Informasi

6.3: Penyakit Sporadik dan Tidak Dapat Diwariskan - Biologi

6.3: Penyakit Sporadik dan Tidak Dapat Diwariskan - Biologi


We are searching data for your request:

Forums and discussions:
Manuals and reference books:
Data from registers:
Wait the end of the search in all databases.
Upon completion, a link will appear to access the found materials.

Tidak semua ciri dan penyakit manusia yang dicirikan dikaitkan dengan alel mutan pada lokus gen tunggal. Banyak penyakit yang memiliki komponen herediter, memiliki pola pewarisan yang lebih kompleks karena (1) keterlibatan banyak gen, dan/atau (2) faktor lingkungan.
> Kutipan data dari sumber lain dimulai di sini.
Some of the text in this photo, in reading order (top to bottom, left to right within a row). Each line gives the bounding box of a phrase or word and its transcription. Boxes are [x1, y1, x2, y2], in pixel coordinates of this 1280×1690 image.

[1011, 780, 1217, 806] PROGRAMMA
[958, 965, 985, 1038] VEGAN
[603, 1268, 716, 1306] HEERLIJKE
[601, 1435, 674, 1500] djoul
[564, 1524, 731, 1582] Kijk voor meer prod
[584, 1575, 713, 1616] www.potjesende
Di sisi lain, beberapa penyakit non-genetik mungkin tampak diturunkan karena mempengaruhi banyak anggota keluarga yang sama, tetapi ini karena anggota keluarga terpapar racun yang sama atau faktor lingkungan lainnya (misalnya di rumah mereka).
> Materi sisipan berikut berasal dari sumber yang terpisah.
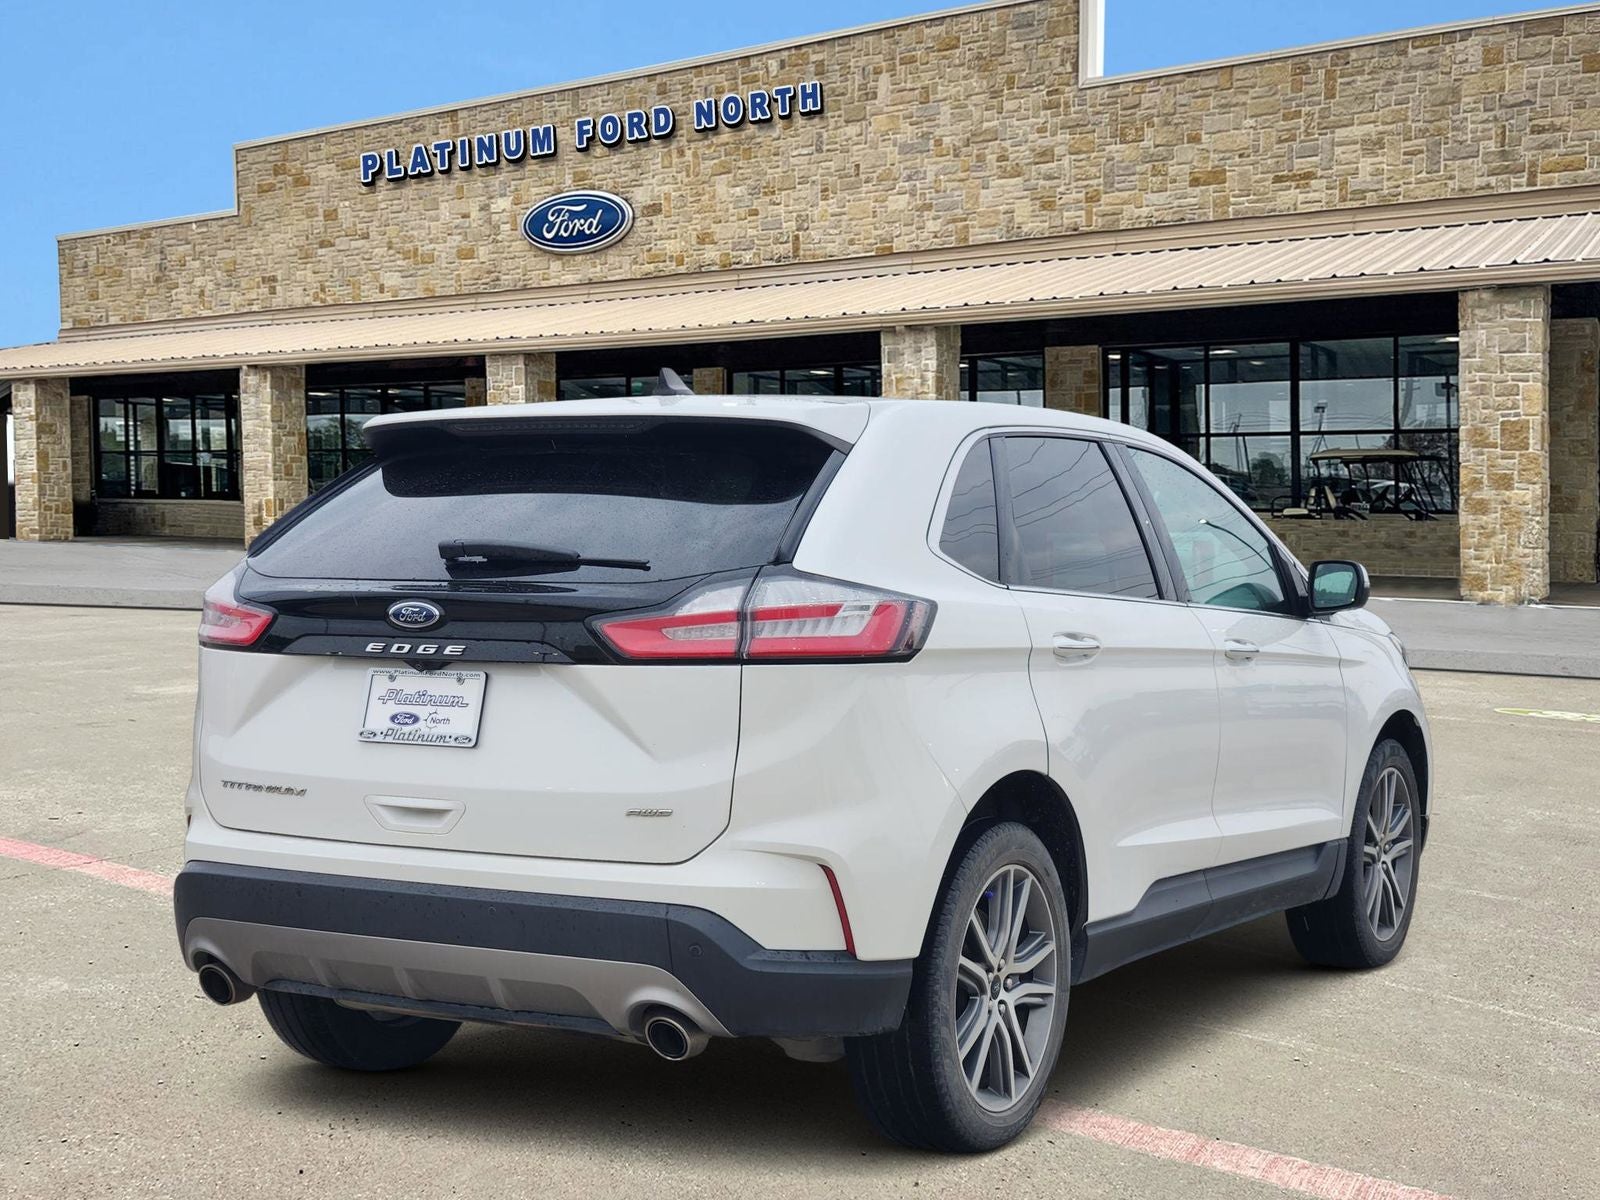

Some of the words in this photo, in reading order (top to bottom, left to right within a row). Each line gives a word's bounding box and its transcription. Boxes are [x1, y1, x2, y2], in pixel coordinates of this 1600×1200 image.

[360, 124, 557, 186] PLATINUM
[575, 104, 675, 151] FORD
[694, 81, 823, 132] NORTH
[542, 203, 603, 239] Ford
[399, 606, 426, 622] Ford
[365, 642, 467, 656] EDGE
[378, 688, 469, 708] Platinum
[394, 713, 415, 725] Ford
[429, 716, 451, 726] North
[383, 727, 450, 744] Platinum
Akhirnya, penyakit dengan gejala yang sama mungkin memiliki penyebab yang berbeda, beberapa di antaranya mungkin bersifat genetik sementara yang lain tidak. Salah satu contohnya adalah ALS (amyotrophic lateral sclerosis); sekitar 5-10% kasus diwariskan dalam pola AD, sedangkan sebagian besar kasus yang tersisa tampaknya sporadis, dengan kata lain, bukan disebabkan oleh mutasi yang diturunkan dari orang tua. Kita sekarang tahu bahwa gen atau protein yang berbeda dipengaruhi dalam bentuk ALS yang diwariskan dan sporadis. Fisikawan Stephen Hawking (Gambar (PageIndex{10})) dan pemain bisbol Lou Gehrig keduanya menderita ALS sporadis.


Gen dan Kecanduan

1 Laboratorium Neurogenetika, Institut Nasional Penyalahgunaan Alkohol dan Alkoholisme, Institut Kesehatan Nasional, Rockville, Maryland, AS.

D Goldman

1 Laboratorium Neurogenetika, Institut Nasional Penyalahgunaan Alkohol dan Alkoholisme, Institut Kesehatan Nasional, Rockville, Maryland, AS.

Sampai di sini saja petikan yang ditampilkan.